Download or read book Spinoza written by Steven M. Nadler and published by Cambridge University Press. This book was released on 2018-08-16 with total page 459 pages. Available in PDF, EPUB and Kindle. Book excerpt: A fully updated new edition of the prize-winning and now standard biography of the great seventeenth-century philosopher Spinoza.

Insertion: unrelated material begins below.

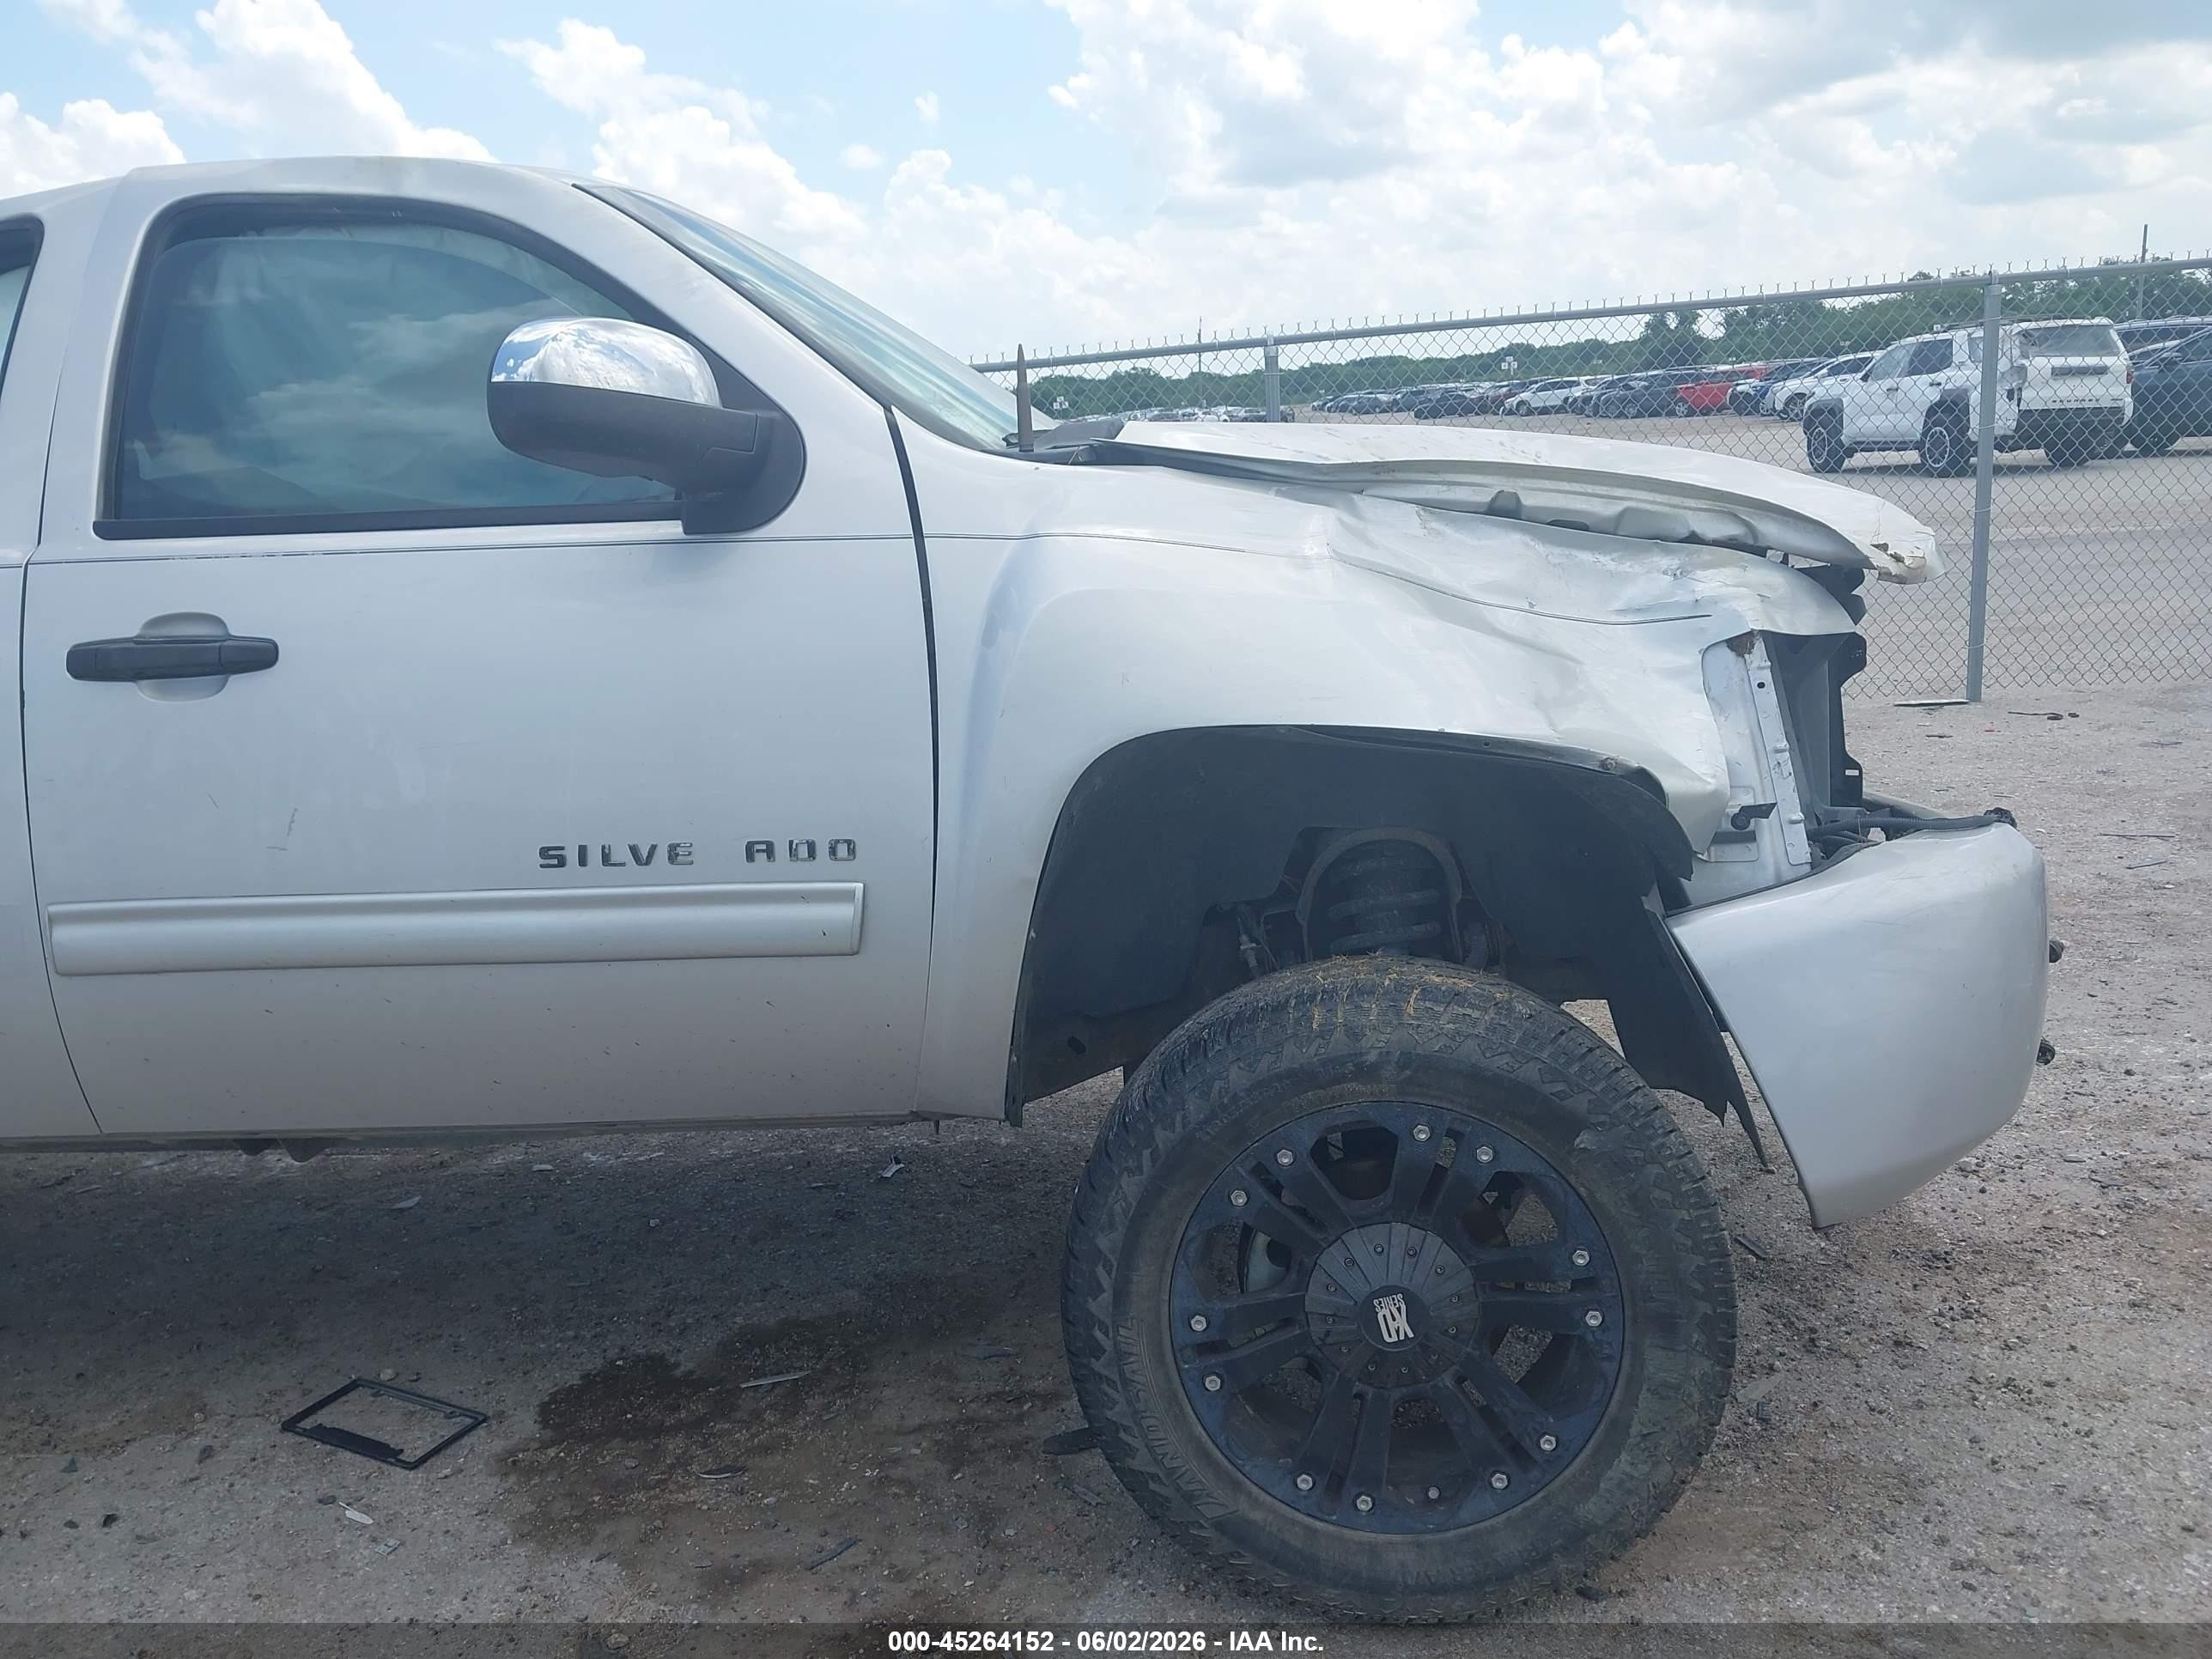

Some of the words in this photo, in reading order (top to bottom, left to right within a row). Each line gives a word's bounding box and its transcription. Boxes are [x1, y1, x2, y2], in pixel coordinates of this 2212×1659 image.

[538, 842, 694, 868] SILVE
[744, 838, 857, 863] ADO
[1373, 1293, 1406, 1313] SERIES

Download or read book Spinoza for Our Time written by Antonio Negri and published by Columbia University Press. This book was released on 2013-10-01 with total page 154 pages. Available in PDF, EPUB and Kindle. Book excerpt: Antonio Negri, a leading scholar on Baruch Spinoza (1632–1677) and his contemporary legacy, offers a straightforward explanation of the philosopher’s elaborate arguments and a persuasive case for his ongoing utility. Responding to a resurgent interest in Spinoza’s thought and its potential application to contemporary global issues, Negri demonstrates the thinker’s special value to politics, philosophy, and a number of related disciplines. Negri’s work is both a return to and advancement of his initial affirmation of Spinozian thought in The Savage Anomaly. He further defends his understanding of the philosopher as a proto-postmodernist, or a thinker who is just now, with the advent of the postmodern, becoming contemporary. Negri also deeply connects Spinoza’s theories to recent trends in political philosophy, particularly the reengagement with Carl Schmitt’s “political theology,” and the history of philosophy, including the argument that Spinoza belongs to a “radical enlightenment.” By positioning Spinoza as a contemporary, revolutionary intellectual, Negri addresses and effectively defeats critiques by Derrida, Badiou, and Agamben.
Download or read book The Philosophy of Baruch Spinoza written by Richard Kennington and published by CUA Press. This book was released on 2018-03-02 with total page 331 pages. Available in PDF, EPUB and Kindle. Book excerpt: This volume is a collection of articles that looks at the work of Baruch Spinoza through his metaphysics, his philosophy of politics and religion, and alternative approaches to Spinoza.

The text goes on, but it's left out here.